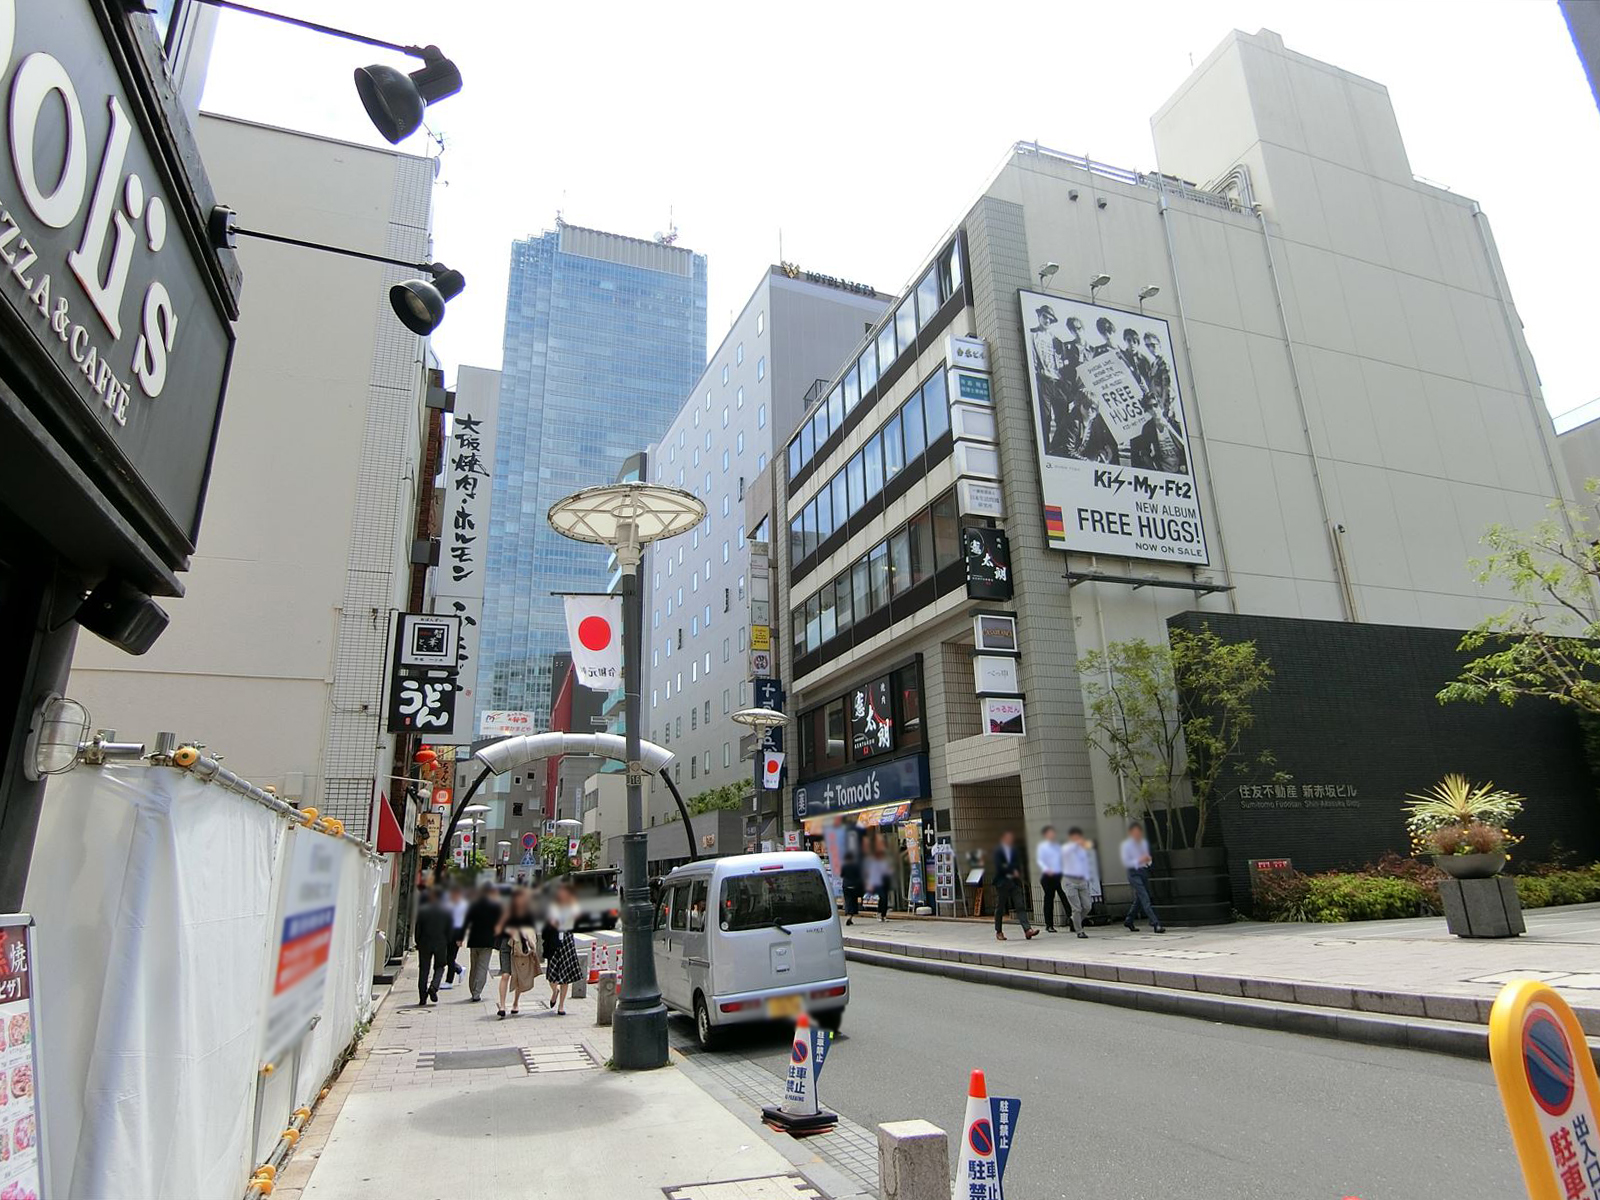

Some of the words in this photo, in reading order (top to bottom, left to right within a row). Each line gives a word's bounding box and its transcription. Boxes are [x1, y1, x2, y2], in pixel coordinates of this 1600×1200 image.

[0, 0, 178, 398] oli's
[52, 297, 69, 342] &
[1102, 385, 1135, 409] FREE
[452, 413, 490, 582] 大阪焼肉・ホルモン
[1135, 501, 1158, 514] NEW
[1162, 504, 1197, 519] ALBUM
[1077, 508, 1133, 536] FREE
[1137, 515, 1201, 544] HUGS!
[1135, 542, 1158, 552] NOW
[1161, 545, 1175, 554] ON
[1178, 547, 1203, 557] SALE
[399, 680, 453, 728] うどん
[835, 771, 881, 806] Tomod's
[1239, 785, 1299, 799] 住友不動産
[1302, 785, 1358, 798] 新赤坂ビル
[968, 1160, 997, 1180] 駐車
[1550, 1126, 1592, 1200] 駐車

● ● ●

» WHAT THE EXERCISE ASKS
Please copy the data above exactly; the pictures do not belong in the copy.

» RESPONSE AREA
Some of the words in this photo, in reading order (top to bottom, left to right within a row). Each line gives a word's bounding box and its transcription. Boxes are [x1, y1, x2, y2], in pixel coordinates of this 1600×1200 image.

[0, 0, 178, 398] oli's
[52, 297, 69, 342] &
[1102, 385, 1135, 409] FREE
[452, 413, 490, 582] 大阪焼肉・ホルモン
[1135, 501, 1158, 514] NEW
[1162, 504, 1197, 519] ALBUM
[1077, 508, 1133, 536] FREE
[1137, 515, 1201, 544] HUGS!
[1135, 542, 1158, 552] NOW
[1161, 545, 1175, 554] ON
[1178, 547, 1203, 557] SALE
[399, 680, 453, 728] うどん
[835, 771, 881, 806] Tomod's
[1239, 785, 1299, 799] 住友不動産
[1302, 785, 1358, 798] 新赤坂ビル
[968, 1160, 997, 1180] 駐車
[1550, 1126, 1592, 1200] 駐車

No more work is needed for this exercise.